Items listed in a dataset
******************************

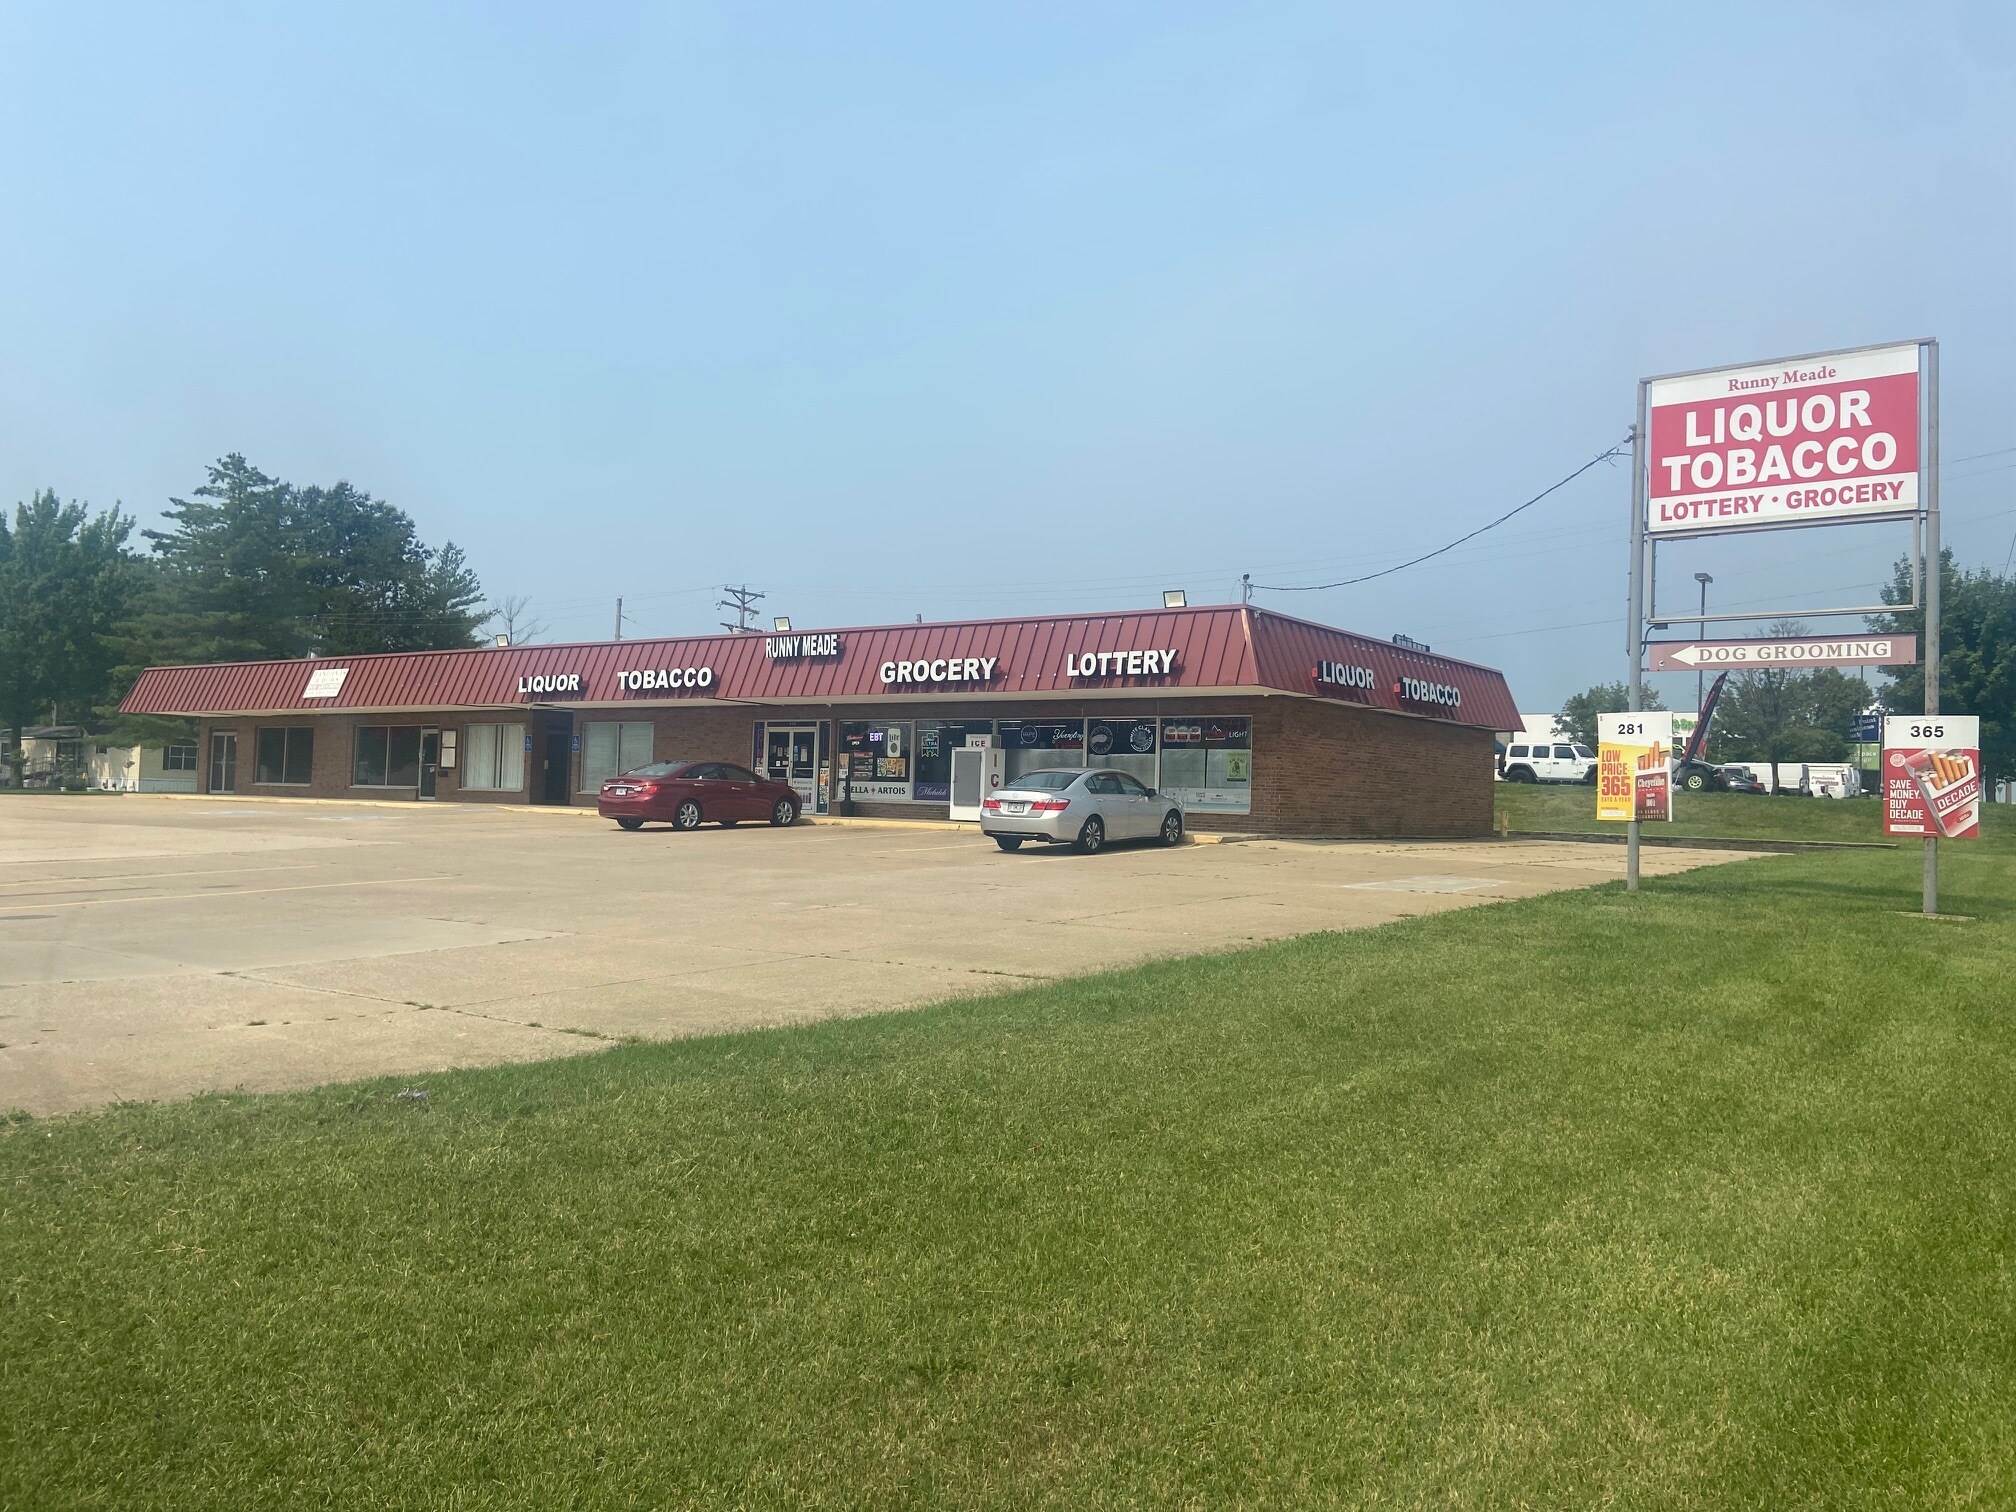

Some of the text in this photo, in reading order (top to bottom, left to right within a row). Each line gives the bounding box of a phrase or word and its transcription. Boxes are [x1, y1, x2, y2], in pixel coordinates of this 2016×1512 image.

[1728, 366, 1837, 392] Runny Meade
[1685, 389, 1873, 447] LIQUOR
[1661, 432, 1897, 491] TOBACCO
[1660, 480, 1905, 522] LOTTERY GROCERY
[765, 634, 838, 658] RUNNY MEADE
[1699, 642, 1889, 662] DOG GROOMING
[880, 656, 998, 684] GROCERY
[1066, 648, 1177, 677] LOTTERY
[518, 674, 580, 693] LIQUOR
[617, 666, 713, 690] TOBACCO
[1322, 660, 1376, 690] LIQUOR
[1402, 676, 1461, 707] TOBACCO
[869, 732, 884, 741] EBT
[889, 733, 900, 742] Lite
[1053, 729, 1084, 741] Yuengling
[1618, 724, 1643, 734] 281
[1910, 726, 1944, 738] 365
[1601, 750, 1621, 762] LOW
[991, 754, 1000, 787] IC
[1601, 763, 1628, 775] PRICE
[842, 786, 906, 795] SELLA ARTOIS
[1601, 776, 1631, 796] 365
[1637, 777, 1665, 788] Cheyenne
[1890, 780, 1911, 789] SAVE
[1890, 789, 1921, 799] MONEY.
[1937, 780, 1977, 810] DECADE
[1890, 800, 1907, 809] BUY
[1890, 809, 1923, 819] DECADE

******************************

An exact retyping of the entries, without images, is the required answer.

Some of the text in this photo, in reading order (top to bottom, left to right within a row). Each line gives the bounding box of a phrase or word and its transcription. Boxes are [x1, y1, x2, y2], in pixel coordinates of this 2016×1512 image.

[1728, 366, 1837, 392] Runny Meade
[1685, 389, 1873, 447] LIQUOR
[1661, 432, 1897, 491] TOBACCO
[1660, 480, 1905, 522] LOTTERY GROCERY
[765, 634, 838, 658] RUNNY MEADE
[1699, 642, 1889, 662] DOG GROOMING
[880, 656, 998, 684] GROCERY
[1066, 648, 1177, 677] LOTTERY
[518, 674, 580, 693] LIQUOR
[617, 666, 713, 690] TOBACCO
[1322, 660, 1376, 690] LIQUOR
[1402, 676, 1461, 707] TOBACCO
[869, 732, 884, 741] EBT
[889, 733, 900, 742] Lite
[1053, 729, 1084, 741] Yuengling
[1618, 724, 1643, 734] 281
[1910, 726, 1944, 738] 365
[1601, 750, 1621, 762] LOW
[991, 754, 1000, 787] IC
[1601, 763, 1628, 775] PRICE
[842, 786, 906, 795] SELLA ARTOIS
[1601, 776, 1631, 796] 365
[1637, 777, 1665, 788] Cheyenne
[1890, 780, 1911, 789] SAVE
[1890, 789, 1921, 799] MONEY.
[1937, 780, 1977, 810] DECADE
[1890, 800, 1907, 809] BUY
[1890, 809, 1923, 819] DECADE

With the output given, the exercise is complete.